The Supreme Court has granted permission to appeal in respect of the Court of Appeal's April 2021 decision in Stanford International Bank Ltd v HSBC Bank plc [1].  

In that case, the Court of Appeal dismissed Quincecare duty and dishonest assistance claims brought by liquidators for Stanford International Bank ("SIB") against HSBC.  In doing so, the Court of Appeal determined that the scope of the Quincecare duty, arising in the context of a financial institution processing client payments, is limited to protecting customers of the financial institution, and does not extend to protect the customer's creditors. 

The Court of Appeal decision was reassuring for financial institutions faced with Quincecare and dishonest assistance claims, and so news that these issues are likely to be considered further by the Supreme Court may be a cause for concern.

What is the Quincecare duty? 

Put simply, it is the duty of care that banks owe to their customers to refrain from executing an order where they have reasonable grounds to believe that the order is an attempt to misappropriate the customer's funds. 

The duty was established in the 1992 High Court case of Barclays Bank Plc v Quincecare Ltd [2] in which the Court held that the relationship between a bank and its customer was that of agent and principal and that a bank therefore owed fiduciary duties to its customers.  

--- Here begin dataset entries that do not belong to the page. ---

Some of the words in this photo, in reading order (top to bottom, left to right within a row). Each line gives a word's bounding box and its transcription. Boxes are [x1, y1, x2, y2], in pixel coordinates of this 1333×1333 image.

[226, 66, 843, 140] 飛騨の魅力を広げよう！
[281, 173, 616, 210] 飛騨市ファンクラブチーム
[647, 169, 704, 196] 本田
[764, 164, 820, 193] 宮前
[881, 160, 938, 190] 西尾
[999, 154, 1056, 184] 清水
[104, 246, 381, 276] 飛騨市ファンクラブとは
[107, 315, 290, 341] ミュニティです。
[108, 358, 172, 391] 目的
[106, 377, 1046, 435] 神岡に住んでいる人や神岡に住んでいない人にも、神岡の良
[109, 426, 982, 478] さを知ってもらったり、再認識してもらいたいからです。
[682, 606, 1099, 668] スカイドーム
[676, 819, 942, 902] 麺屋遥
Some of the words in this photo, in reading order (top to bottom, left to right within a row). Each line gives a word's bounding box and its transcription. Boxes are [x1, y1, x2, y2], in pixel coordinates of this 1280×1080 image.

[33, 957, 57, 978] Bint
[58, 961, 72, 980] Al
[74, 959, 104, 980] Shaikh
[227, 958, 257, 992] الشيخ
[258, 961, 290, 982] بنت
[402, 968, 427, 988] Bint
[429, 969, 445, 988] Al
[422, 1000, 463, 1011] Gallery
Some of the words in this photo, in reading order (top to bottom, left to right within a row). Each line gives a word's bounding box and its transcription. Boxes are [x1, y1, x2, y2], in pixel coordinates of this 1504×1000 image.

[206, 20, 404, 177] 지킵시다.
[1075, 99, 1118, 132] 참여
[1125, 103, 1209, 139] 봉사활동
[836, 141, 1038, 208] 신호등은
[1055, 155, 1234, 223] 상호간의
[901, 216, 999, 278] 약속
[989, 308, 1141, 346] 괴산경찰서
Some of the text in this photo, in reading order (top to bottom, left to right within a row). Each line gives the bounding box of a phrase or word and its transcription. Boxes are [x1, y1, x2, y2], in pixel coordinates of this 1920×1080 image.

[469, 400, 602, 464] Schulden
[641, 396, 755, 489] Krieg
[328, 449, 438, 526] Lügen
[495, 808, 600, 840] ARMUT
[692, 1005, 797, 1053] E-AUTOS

The Quincecare duty has been increasingly in the spotlight in recent years: 

  • In 2019 the Supreme Court upheld the first successful claim for breach of the Quincecare duty. [3]
  • In the same year the Court of Appeal expanded the scope of the duty, confirming that Quincecare was not just a negative duty to refrain from executing a payment instruction where there are reasonable grounds to suspect fraud, but also a positive duty to investigate suspicions. [4] 
  • Earlier this year, in Stanford International Bank Ltd v HSBC Bank plc, the Court of Appeal sought to limit the scope of the duty owed by financial institutions.

What happened in Stanford International Bank Ltd v HSBC Bank plc? 

SIB had been used as a vehicle for a substantial Ponzi scheme fraud and went into insolvent liquidation in April 2009. Liquidators brought a loss claim against HSBC in respect of £116.1 million which had been paid out of SIB's accounts held with HSBC between August 2008 (when the liquidators considered that HSBC should have frozen the accounts) and February 2009 (when HSBC did freeze them). 

The payments made during this period were made to individual investors holding certificates of deposit who had claims on SIB for the return of their capital and interest. SIB alleged that HSBC had made those payments in breach of its Quincecare duty.

HSBC applied to strike out the claim on the ground that SIB had suffered no loss because on a net asset basis it was no worse off as a result of HSBC's actions.  The argument was that while payments out reduced SIB's assets, they equally discharged SIB's liabilities by the same amount because monies paid out by HSBC ultimately went to deposit-holders in satisfaction of their contractual rights against SIB. 

The High Court dismissed HSBC's application, finding that, absent the HSBC's breach of its Quincecare duty, the funds held in SIB's accounts as at 1 August 2008 would have been available to pay creditors when insolvency supervened. The payments out had reduced SIB's assets but did not discharge SIB's liabilities, because SIB was insolvent and had no assets on any view, but only a net liability.

The High Court did strike out the allegation of dishonest assistance against HSBC, finding that the plea of dishonesty against HSBC was insufficient. 

What did the Court of Appeal say? 

The Bank appealed against the High Court's refusal to strike out the Quincecare loss and SIB appealed against the High Court's strike out of the allegation of dishonest assistance. 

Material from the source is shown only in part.